# INSTRUCTIONS TO FOLLOW
Pictures aside, repeat all the entries below exactly as they appear.

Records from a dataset
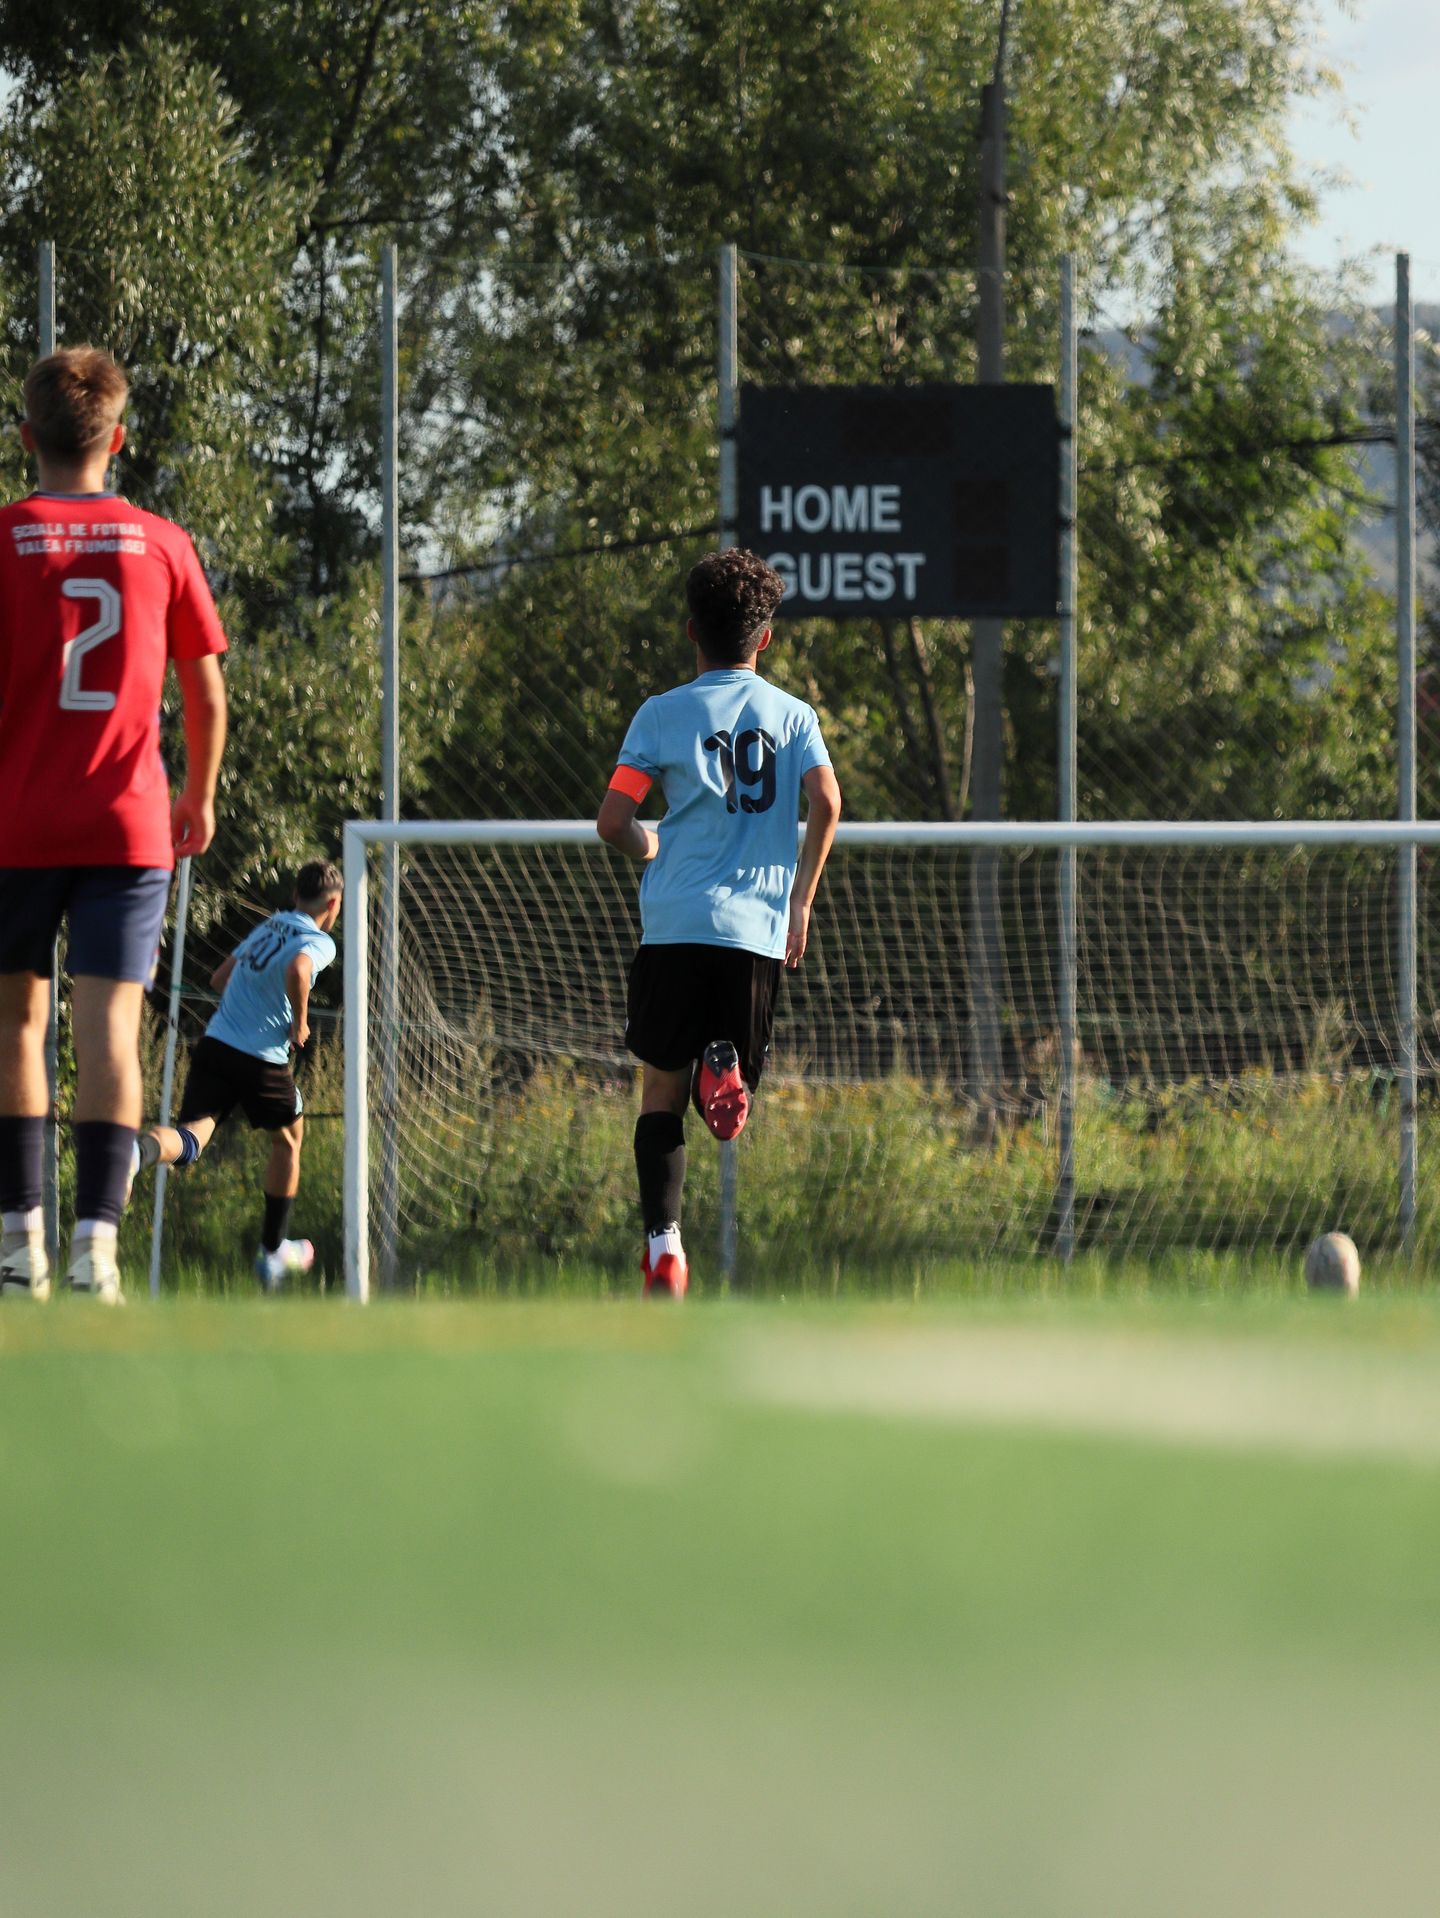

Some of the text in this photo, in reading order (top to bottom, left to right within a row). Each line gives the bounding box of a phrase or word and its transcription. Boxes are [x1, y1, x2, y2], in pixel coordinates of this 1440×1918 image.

[69, 523, 87, 536] DE
[761, 484, 901, 533] HOME
[16, 539, 61, 556] VALEA
[766, 552, 925, 600] GUEST
[59, 578, 120, 710] 2
[703, 727, 776, 814] 19
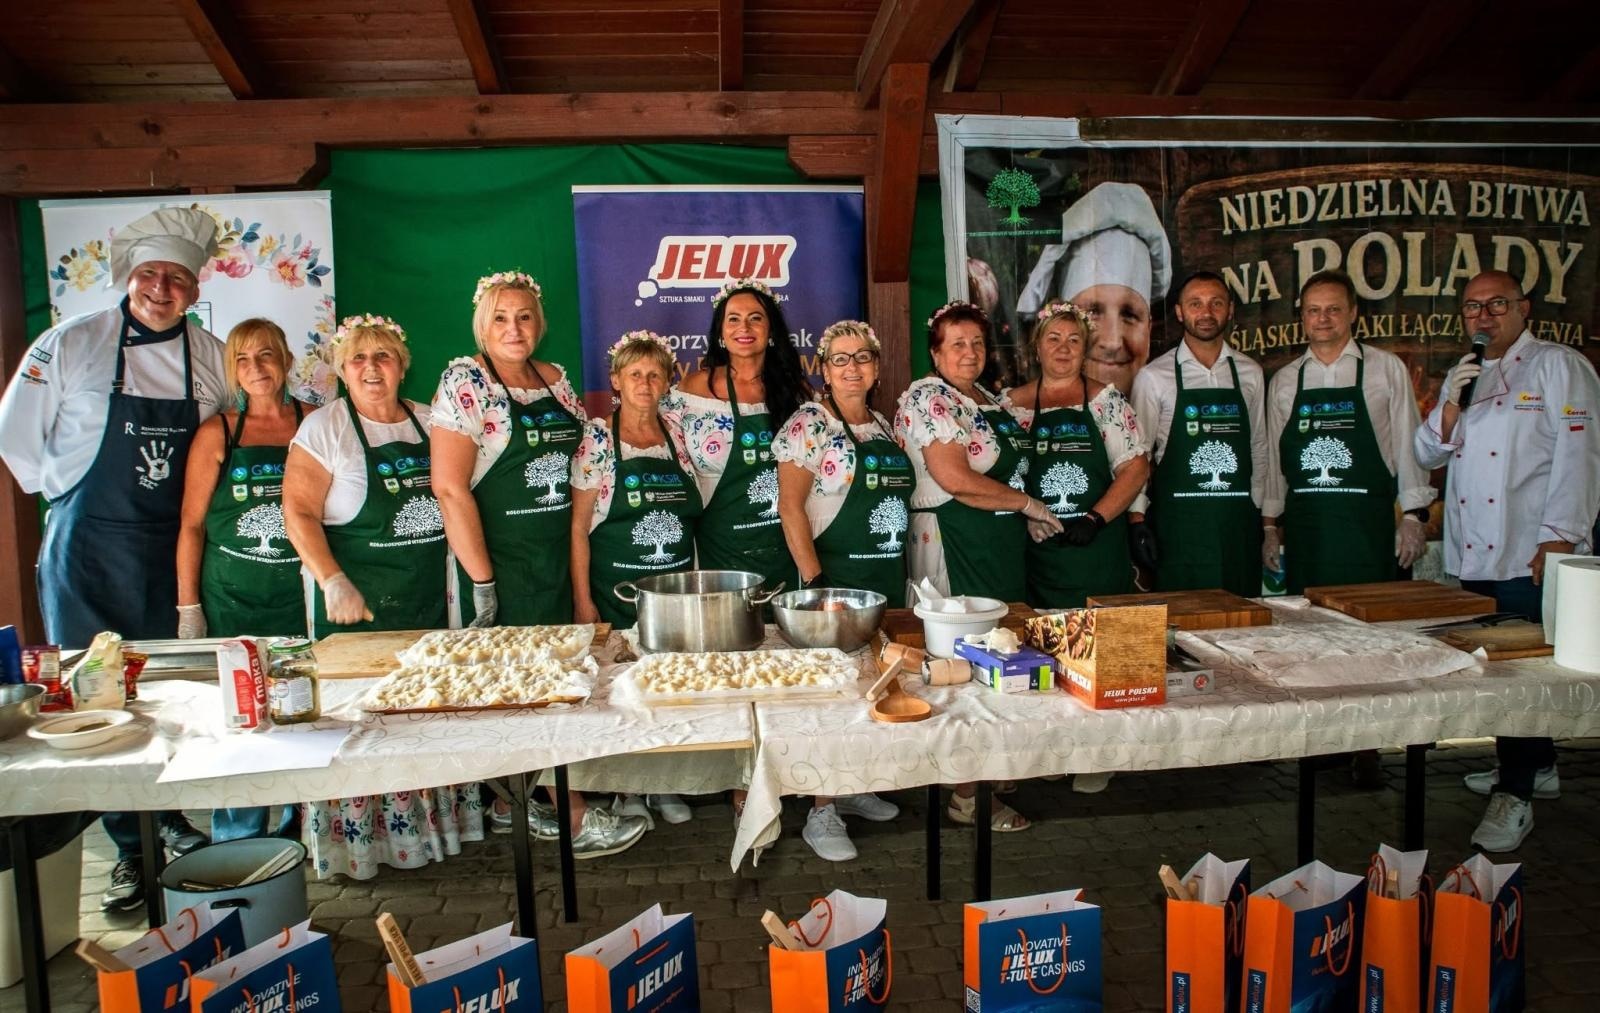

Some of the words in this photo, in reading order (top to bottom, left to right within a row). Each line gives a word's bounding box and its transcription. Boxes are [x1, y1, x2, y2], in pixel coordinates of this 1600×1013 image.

# TASK ANSWER
Some of the text in this photo, in reading order (top to bottom, left to right within a row). Each line gives the bounding box of a phrase or word and its transcription. Boxes are [x1, y1, x2, y2], in pixel coordinates of this 1440×1918 image.

[69, 523, 87, 536] DE
[761, 484, 901, 533] HOME
[16, 539, 61, 556] VALEA
[766, 552, 925, 600] GUEST
[59, 578, 120, 710] 2
[703, 727, 776, 814] 19

Some of the words in this photo, in reading order (top to bottom, left to right within a row). Each line gives a word's bounding box and its transcription. Boxes are [x1, y1, x2, y2], in pixel coordinates of this 1600×1013 image.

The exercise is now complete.